§ **INSTRUCTIONS FOR THE TASK**: Leave the pictures out. Return all other data exactly.

§ **Records from a dataset**:
---------------

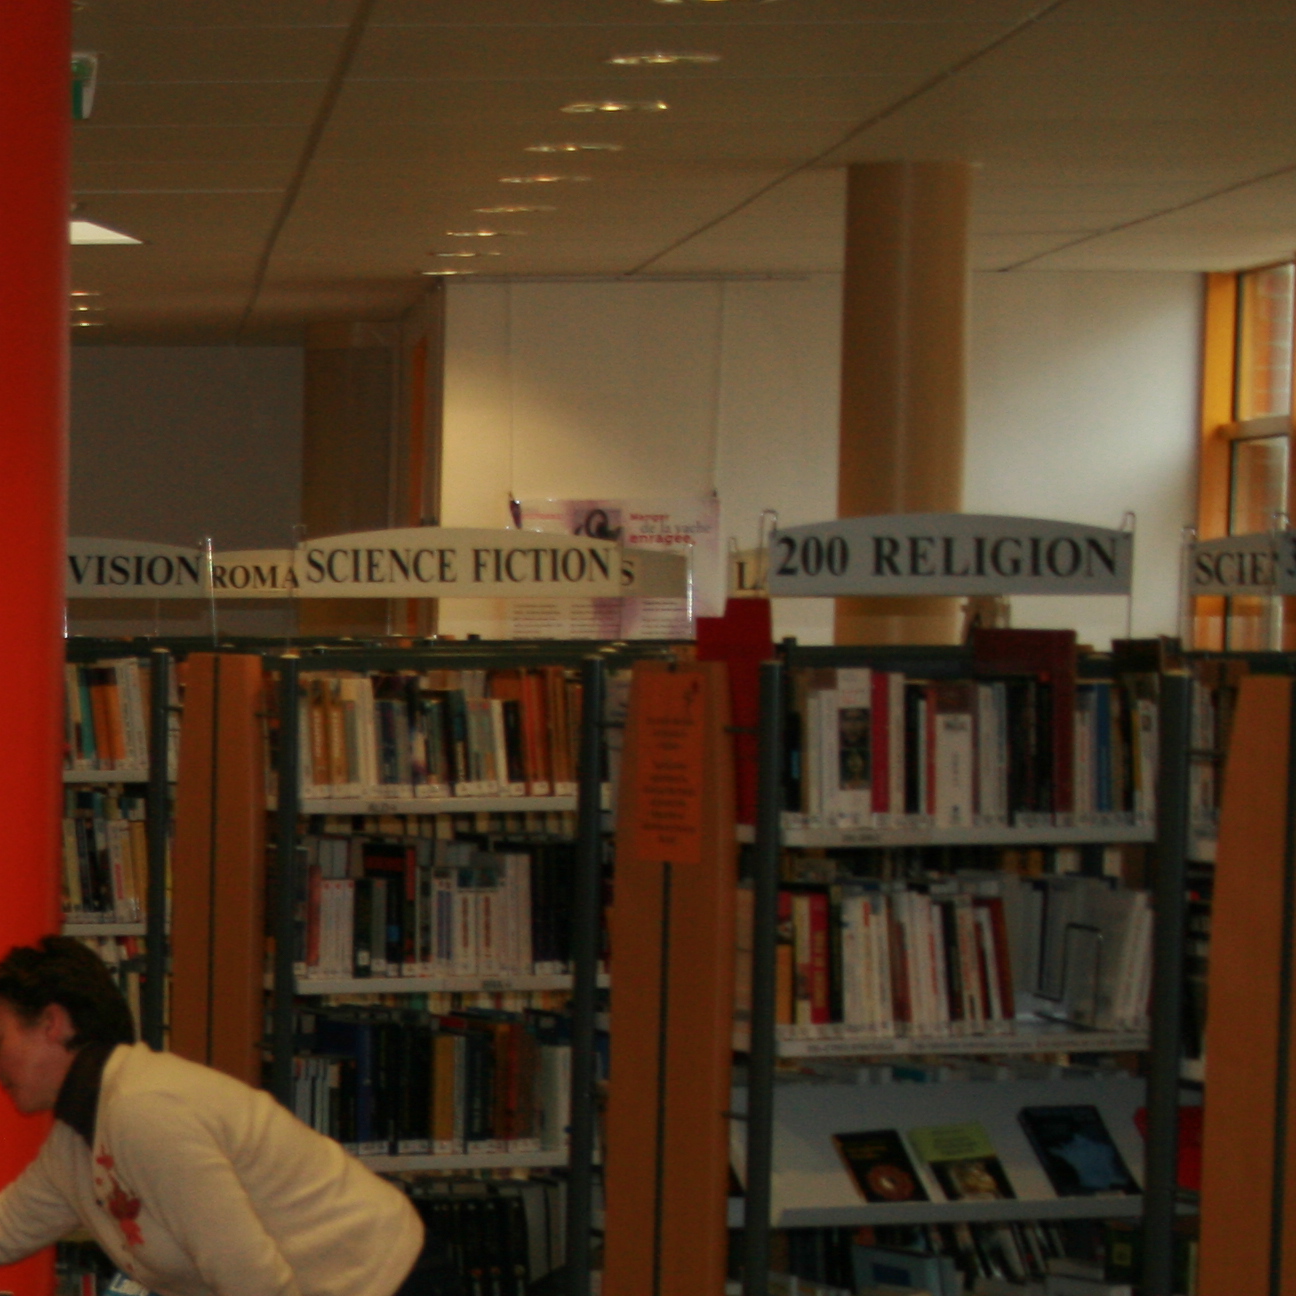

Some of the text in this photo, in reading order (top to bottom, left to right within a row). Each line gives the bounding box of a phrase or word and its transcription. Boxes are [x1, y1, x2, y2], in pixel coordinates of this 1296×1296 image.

[307, 546, 612, 584] SCIENCE FICTION
[775, 536, 1119, 578] 200 RELIGION
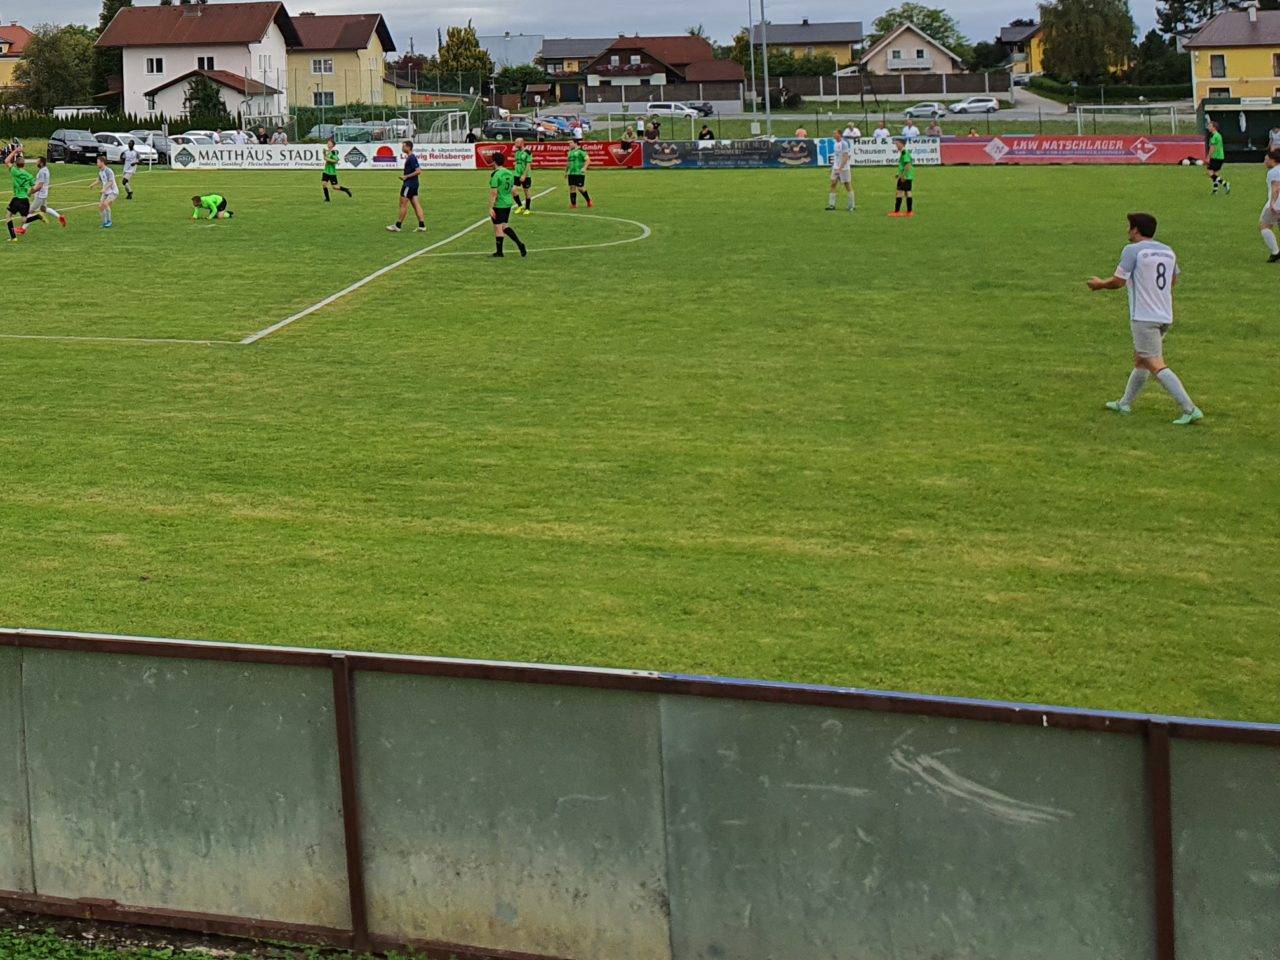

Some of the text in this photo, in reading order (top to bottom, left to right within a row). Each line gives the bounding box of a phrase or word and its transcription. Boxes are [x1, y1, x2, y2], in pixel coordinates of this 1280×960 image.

[1013, 140, 1039, 150] LKW
[198, 147, 273, 161] MATTHÄUS
[429, 153, 473, 161] Reitsberger
[1156, 262, 1166, 290] 8
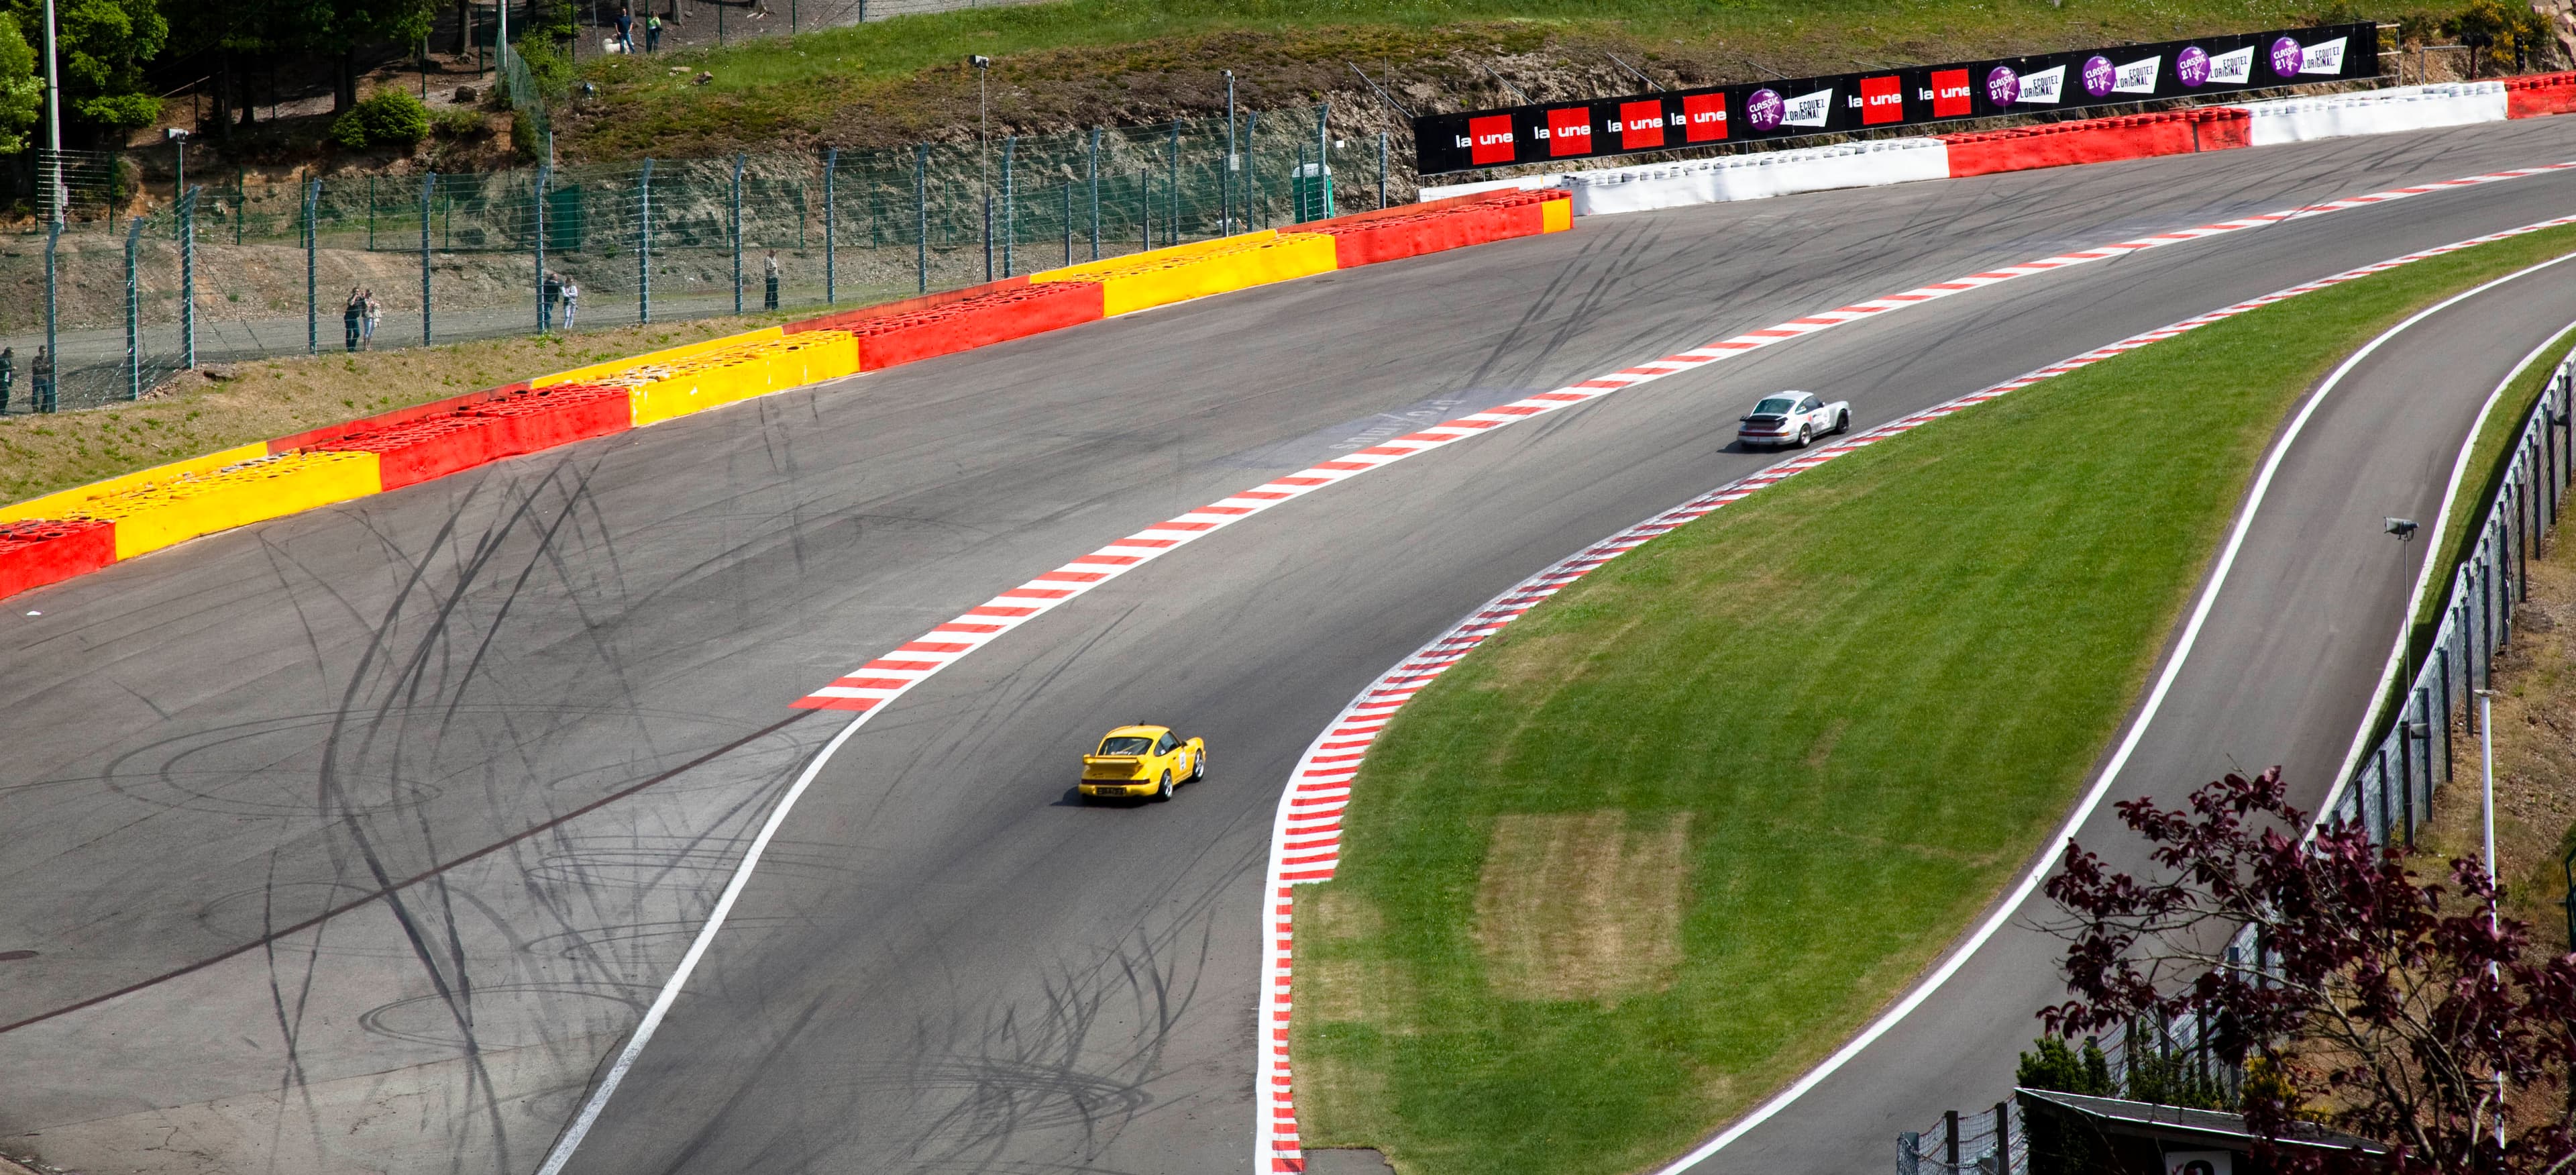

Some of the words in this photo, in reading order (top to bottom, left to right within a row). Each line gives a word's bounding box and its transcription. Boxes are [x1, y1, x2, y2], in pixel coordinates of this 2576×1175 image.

[2273, 45, 2298, 60] CLASSIC
[2315, 46, 2339, 59] ECOUTEZ
[2180, 54, 2206, 70] CLASSIC
[2223, 56, 2247, 68] ECOUTEZ
[2275, 58, 2286, 70] 21
[2085, 64, 2112, 79] CLASSIC
[2129, 66, 2153, 79] ECOUTEZ
[2181, 69, 2192, 80] 21
[1989, 74, 2015, 89] CLASSIC
[2033, 75, 2058, 88] ECOUTEZ
[2087, 77, 2098, 90] 21
[1919, 88, 1934, 100] la
[1941, 86, 1971, 99] une
[1991, 88, 2002, 100] 21
[1749, 96, 1780, 113] CLASSIC
[1848, 95, 1863, 108] la
[1870, 93, 1902, 106] une
[1671, 113, 1686, 125] la
[1694, 110, 1727, 123] une
[1751, 111, 1763, 123] 21
[1607, 119, 1622, 133] la
[1630, 117, 1663, 130] une
[1534, 126, 1550, 140] la
[1558, 125, 1591, 138] une
[1455, 135, 1472, 148] la
[1480, 132, 1513, 146] une
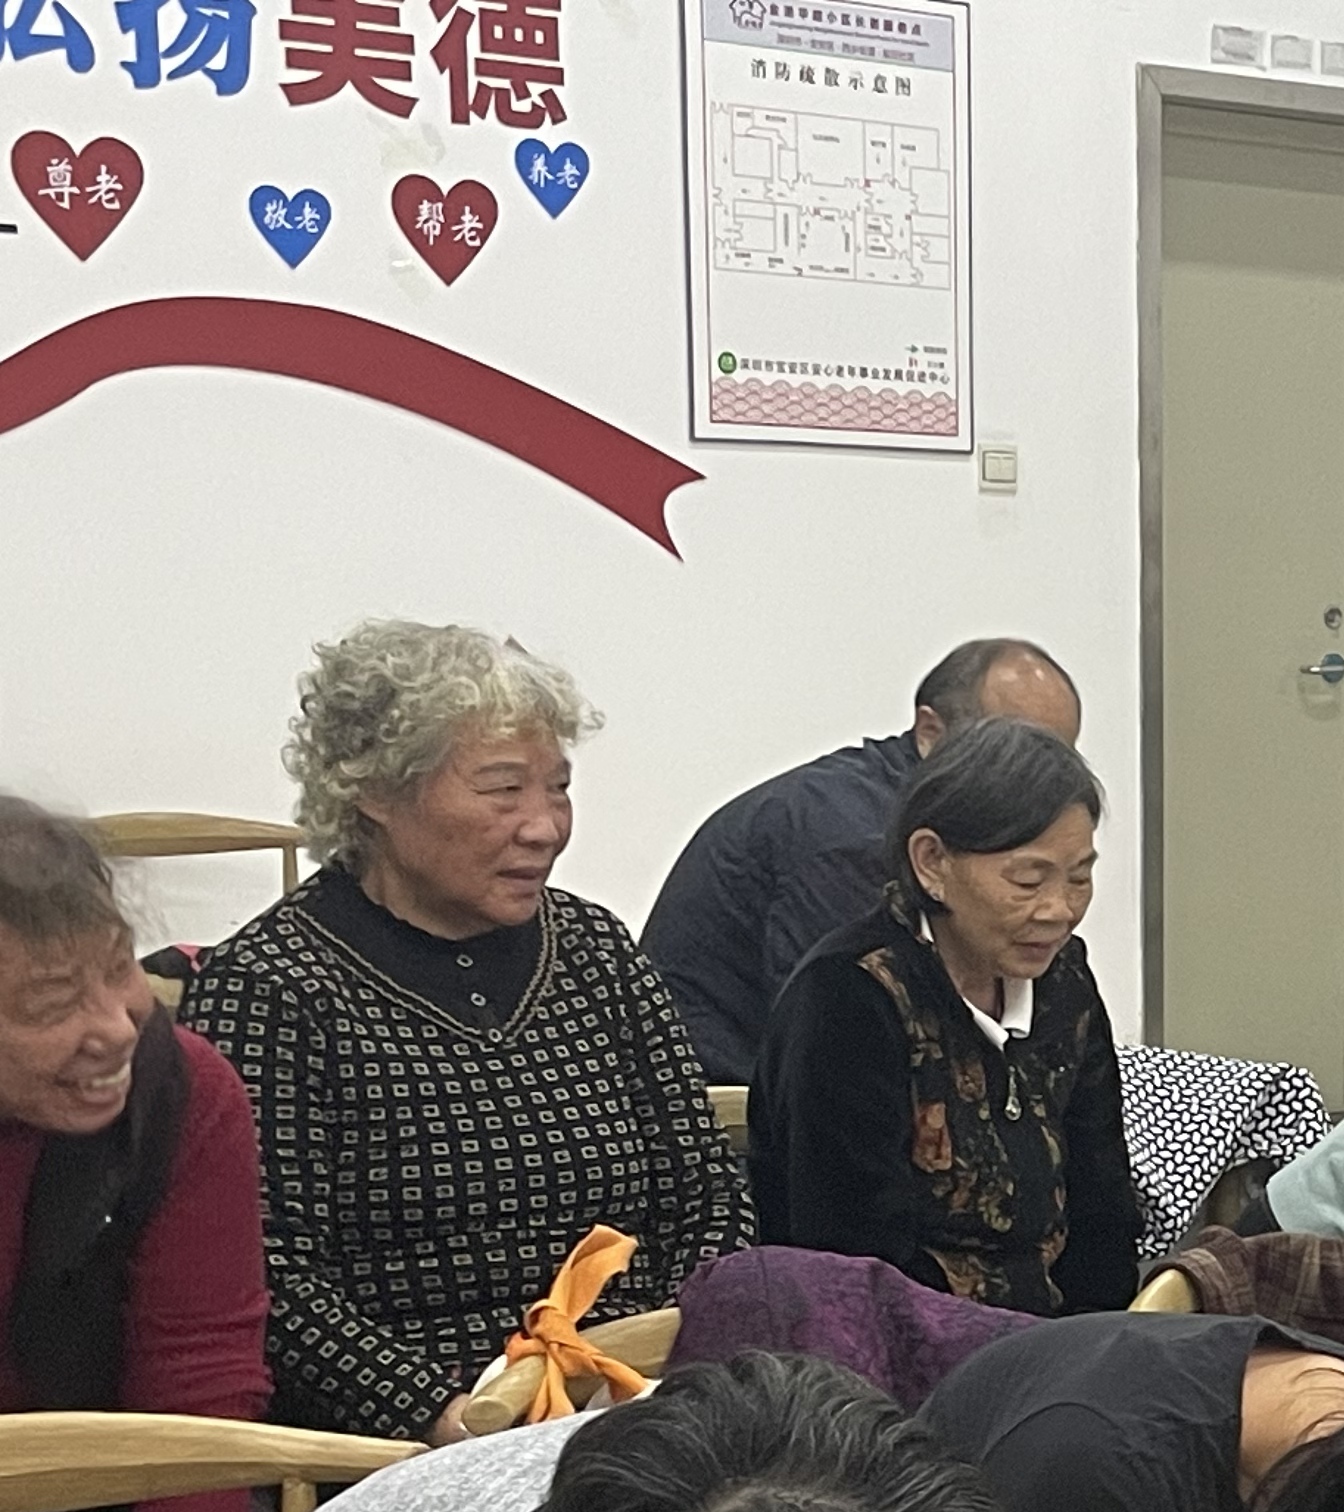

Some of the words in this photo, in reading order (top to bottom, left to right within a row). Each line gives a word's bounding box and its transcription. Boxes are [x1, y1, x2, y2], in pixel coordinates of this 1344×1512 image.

---------------

§ **SOLUTION FOR THIS EXERCISE**:
Some of the text in this photo, in reading order (top to bottom, left to right within a row). Each line gives the bounding box of a phrase or word and its transcription. Boxes are [x1, y1, x2, y2], in pixel coordinates of this 1296×1296 image.

[307, 546, 612, 584] SCIENCE FICTION
[775, 536, 1119, 578] 200 RELIGION

Some of the text in this photo, in reading order (top to bottom, left to right within a row). Each line gives the bounding box of a phrase or word and its transcription. Boxes are [x1, y1, x2, y2], in pixel coordinates of this 1280×960 image.

[1013, 140, 1039, 150] LKW
[198, 147, 273, 161] MATTHÄUS
[429, 153, 473, 161] Reitsberger
[1156, 262, 1166, 290] 8

Some of the words in this photo, in reading order (top to bottom, left to right within a row). Each line gives a word's bounding box and its transcription. Boxes are [x1, y1, x2, y2], in pixel coordinates of this 2576×1175 image.

[2273, 45, 2298, 60] CLASSIC
[2315, 46, 2339, 59] ECOUTEZ
[2180, 54, 2206, 70] CLASSIC
[2223, 56, 2247, 68] ECOUTEZ
[2275, 58, 2286, 70] 21
[2085, 64, 2112, 79] CLASSIC
[2129, 66, 2153, 79] ECOUTEZ
[2181, 69, 2192, 80] 21
[1989, 74, 2015, 89] CLASSIC
[2033, 75, 2058, 88] ECOUTEZ
[2087, 77, 2098, 90] 21
[1919, 88, 1934, 100] la
[1941, 86, 1971, 99] une
[1991, 88, 2002, 100] 21
[1749, 96, 1780, 113] CLASSIC
[1848, 95, 1863, 108] la
[1870, 93, 1902, 106] une
[1671, 113, 1686, 125] la
[1694, 110, 1727, 123] une
[1751, 111, 1763, 123] 21
[1607, 119, 1622, 133] la
[1630, 117, 1663, 130] une
[1534, 126, 1550, 140] la
[1558, 125, 1591, 138] une
[1455, 135, 1472, 148] la
[1480, 132, 1513, 146] une

Some of the words in this photo, in reading order (top to bottom, left to right within a row). Each line gives a word's bounding box and its transcription. Boxes are [x1, y1, x2, y2], in pixel coordinates of this 1344×1512 image.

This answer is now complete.